# ABC Therapy Worksheet: Understanding Behavior Through CBT
The ABC model is one of those foundational CBT tools that sounds deceptively simple until you actually try to use it with real situations. A stands for Activating Event, B for Beliefs, and C for Consequences. The premise is that events don’t directly cause our emotional responses—our beliefs about those events do.
I remember sitting in a supervision session back in 2019 when my supervisor pulled out an ABC worksheet for a case I was stuck on, and honestly I was kinda annoyed because I thought I already understood it. Turns out I was skipping the B part almost entirely and just drawing straight lines from events to feelings, which is exactly what CBT is designed to interrupt.

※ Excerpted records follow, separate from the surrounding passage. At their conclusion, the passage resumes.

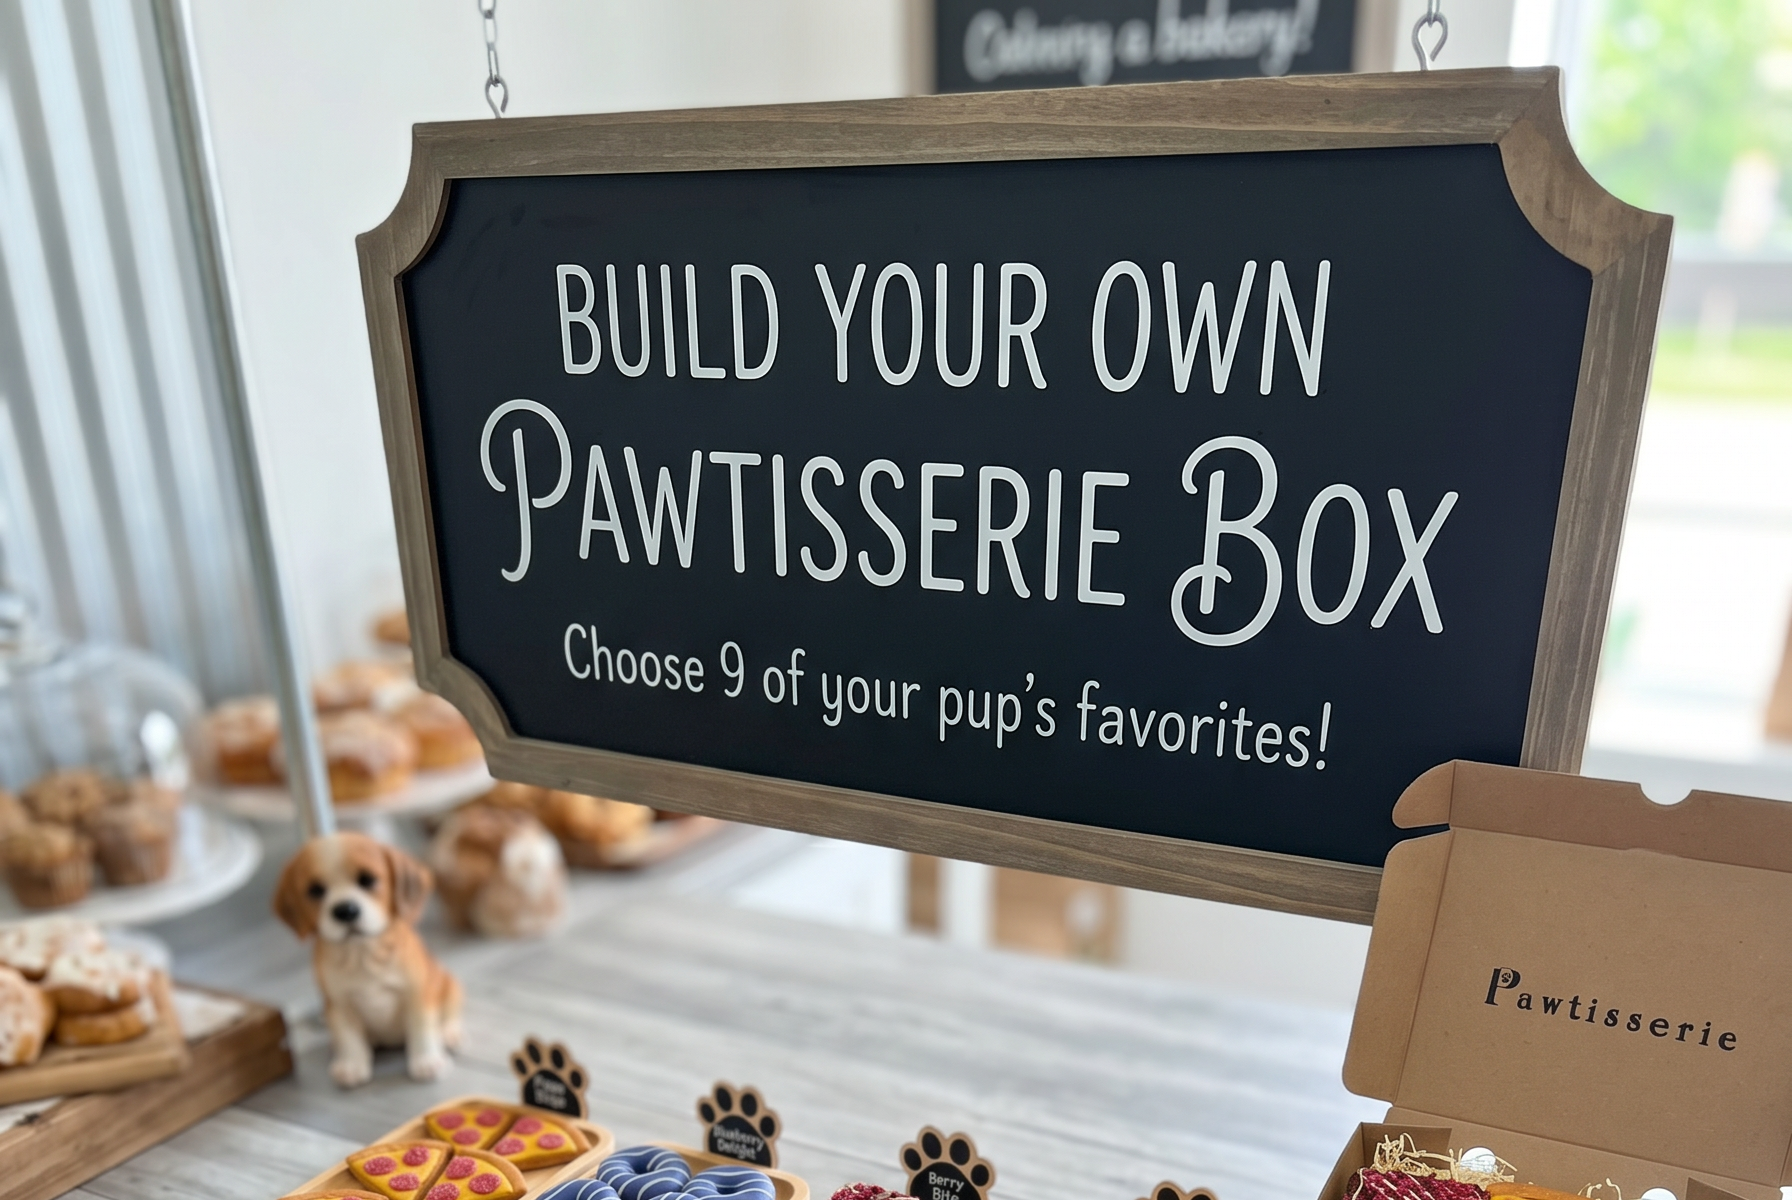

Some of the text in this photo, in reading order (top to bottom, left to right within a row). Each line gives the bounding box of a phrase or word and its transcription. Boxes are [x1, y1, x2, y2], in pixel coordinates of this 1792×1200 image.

[556, 259, 1331, 397] BUILD YOUR OWN
[480, 398, 1459, 647] PAWTISSERIE BOX
[564, 623, 704, 693] Choose
[720, 641, 745, 698] 9
[763, 648, 806, 706] of
[821, 672, 921, 727] your
[1076, 680, 1332, 770] favorites!
[1484, 966, 1738, 1052] Pawtisserie
[928, 1171, 964, 1193] Berry

The activating event is whatever happened in the external world. Your boss sent a terse email. Your friend didn’t text back. You got stuck in traffic. Someone cut in front of you at the grocery store. It’s the objective, observable situation—or at least as objective as we can get, because even describing events we tend to inject interpretation.
Here’s where people mess up the A part: they describe it with embedded judgments. “My boss was rude to me” isn’t an activating event, it’s already got belief baked into it. “My boss sent an email that said ‘See me at 3pm’ with no other context” is closer to the actual event. You want facts that a camera could record.
The beliefs section is where the actual therapeutic work happens, and it’s the part that gets skipped or misunderstood constantly. Your beliefs are the thoughts, interpretations, assumptions, and evaluations you have about the activating event. They’re often automatic—you don’t sit there consciously deciding to think them. They just appear.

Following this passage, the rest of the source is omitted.